Monday, April 05, 2010

Clinical Trial of Liquid Nicotine Cigarettes Yields Greater than 50% Quit Rate at 3 Months; Suggests Great Promise for Liquid & Electronic Cigarettes

A single-arm phase 2a clinical trial of liquid nicotine cigarettes demonstrated a 3-month smoking cessation rate of 53%, suggesting that liquid and electronic cigarettes have great promise as being truly effective devices to help people quit smoking (see: Geimer N, Olson CE, Baumgarten D, Kepner JL, Mahoney MC. Use of a liquid nicotine delivery product to promote smoking cessation. BMC Public Health 2010, 10:155).

According to the article: "A single-arm Phase 2a study was conducted. Community-based smokers (ages 18+ years, smoking at least 10 cigarettes daily for the past year and interested in making a quit attempt) were recruited and completed clinic visits at 2 week intervals over the 12 week study period where carbon monoxide levels were assessed and the Smoke Break product was rated on taste and overall satisfaction. Participants were provided with a supply of liquid nicotine cigarettes (e.g., Smoke Break) at each clinic visit. A total of 69 smokers were enrolled and received the intervention product (intention to treat group, ITT) and 52 smokers verified participation (according to protocol group, ATP). The cessation rate at 12 weeks after the baseline visit, assessed as the bioverified point prevalence of abstinence, was 71.1% (95% confidence interval [CI] 58.8%-83.5%) in the ATP group and 53.6% (41.8%-65.4%) in the ITT group. Participants rated the liquid nicotine delivery system highly and also expressed general satisfaction. Few adverse events were identified with no serious adverse events."

The study concludes: "These results support the efficacy of the liquid nicotine delivery system in smoking cessation. If this nicotine delivery product proves to be effective in larger trials, it could represent an inexpensive, readily accessible and well-tolerated agent to promote smoking cessation."

The Smoke Break cigarette is a clear tube resembling a cigarette which contains a liquid gel. Users consume the gel by sipping through a mouthpiece. The gel contains nicotine and cherry flavoring.
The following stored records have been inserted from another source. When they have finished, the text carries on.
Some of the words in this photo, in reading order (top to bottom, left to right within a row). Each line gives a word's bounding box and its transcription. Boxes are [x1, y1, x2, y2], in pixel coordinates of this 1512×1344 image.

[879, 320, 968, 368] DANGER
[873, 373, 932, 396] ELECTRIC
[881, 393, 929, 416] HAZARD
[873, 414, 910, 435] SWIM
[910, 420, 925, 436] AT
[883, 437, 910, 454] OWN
According to the manufacturer: "The hand-to-mouth motion replicates what smokers do when they are smoking."

The Rest of the Story

These results confirm the argument I made in previous commentaries about electronic cigarettes: that cigarette addiction is a behavioral addiction as well as a pharmacologic one, and that the failure to recognize this important fact is hindering efforts to develop effective smoking cessation treatments.
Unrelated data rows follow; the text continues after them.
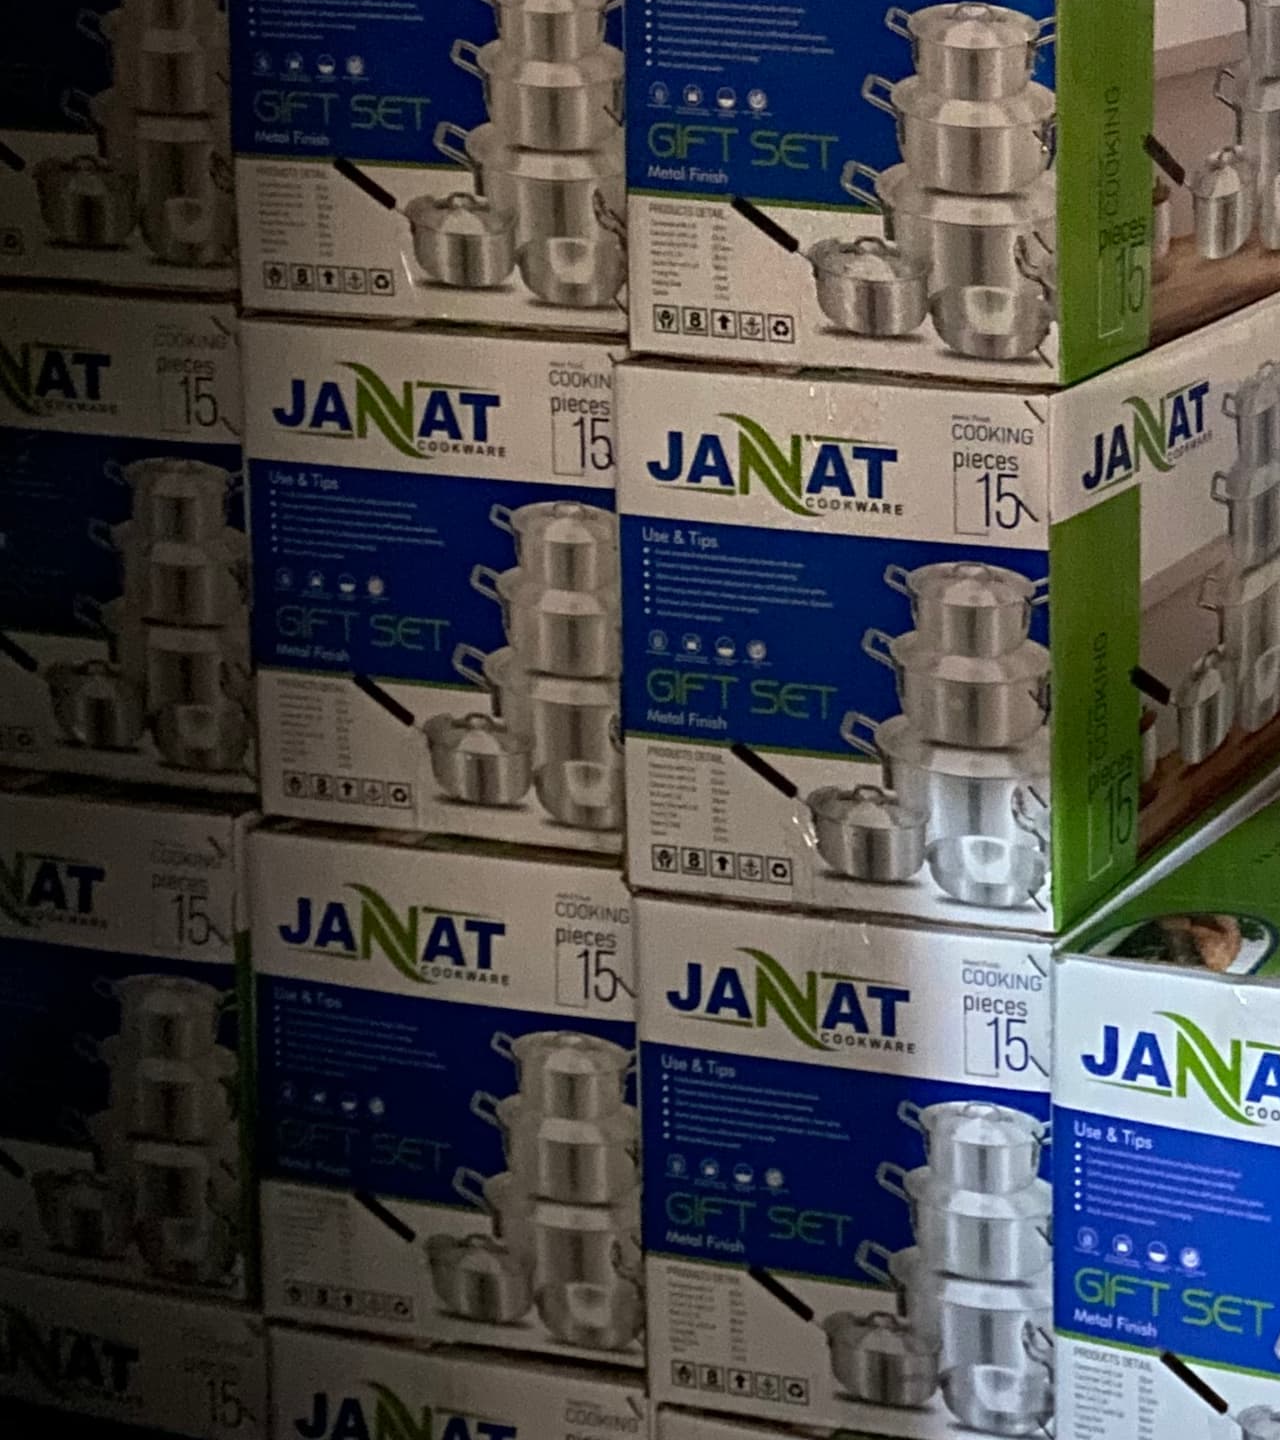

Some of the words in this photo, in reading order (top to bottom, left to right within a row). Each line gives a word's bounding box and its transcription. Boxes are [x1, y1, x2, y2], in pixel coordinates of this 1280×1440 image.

[648, 164, 687, 182] Metal
[690, 168, 729, 185] Finish
[178, 375, 216, 428] 15
[272, 360, 500, 458] JANAT
[1082, 382, 1210, 473] JANAT
[646, 411, 898, 515] JANAT
[645, 668, 740, 711] GIFT
[752, 679, 839, 722] SET
[276, 882, 505, 983] JANAT
[665, 946, 910, 1051] JANAT
[821, 1032, 916, 1055] COOKWARE
[987, 1015, 1028, 1073] 15
[1074, 1121, 1101, 1142] Use
[1106, 1127, 1117, 1143] &
[1123, 1130, 1153, 1152] Tips
[1073, 1266, 1170, 1318] GIFT
[1183, 1287, 1274, 1340] SET
[1074, 1307, 1113, 1329] Metal
[1117, 1316, 1157, 1338] Finish
The tobacco control movement is obsessed with nicotine delivery as the sole element of smoking cessation treatment, completely ignoring the fact that smoking is a behavior, not merely a method of inhaling nicotine. The behavioral elements of smoking - including the holding of the cigarette and moving it to the mouth - are important components of the addiction and any effort that ignores these elements is likely to fail.
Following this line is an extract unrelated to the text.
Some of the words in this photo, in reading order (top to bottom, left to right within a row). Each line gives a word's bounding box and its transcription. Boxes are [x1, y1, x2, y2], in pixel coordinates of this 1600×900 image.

This explains, I believe, why nicotine replacement therapy and other pharmaceutical treatments for what is viewed as "nicotine addiction" have such low rates of effectiveness. It also explains the anecdotal evidence that electronic cigarettes are very effective in helping many vapers stay off cigarettes. And now, it also explains the tremendous success of liquid cigarettes in this clinical trial.

The effectiveness of liquid cigarettes in this trial is impressive. The three-month, confirmed, point abstinence rate of 53.6% is the highest such rate for any smoking cessation product. It is much higher than the three-month cessation rate reported for the nicotine patch or nicotine gum and higher than the corresponding rate for Chantix.

The three-month point abstinence among smokers who confirmed using the liquid cigarettes was actually 71.1%, a striking figure given the power of cigarette addiction.

Clearly, the liquid cigarette and electronic cigarettes deserve further study to confirm their safety and effectiveness. These products could truly be life savers.

This research adds to the evidence supporting the use of electronic cigarettes as a safer alternative to help smokers quit and demonstrates that those who are trying to ban e-cigarettes are supporting an action which would severely harm the public's health.

It confirms that something other than an evidence-based concern for the public's health is motivating those who are trying to ban electronic cigarettes.

Personally, I believe that the idea that a person would go through motions that look like smoking is too much for most anti-smoking groups and advocates to take. We are finding out that it is not the health hazards of smoking, but the act of smoking itself, which is disturbing to anti-smoking groups.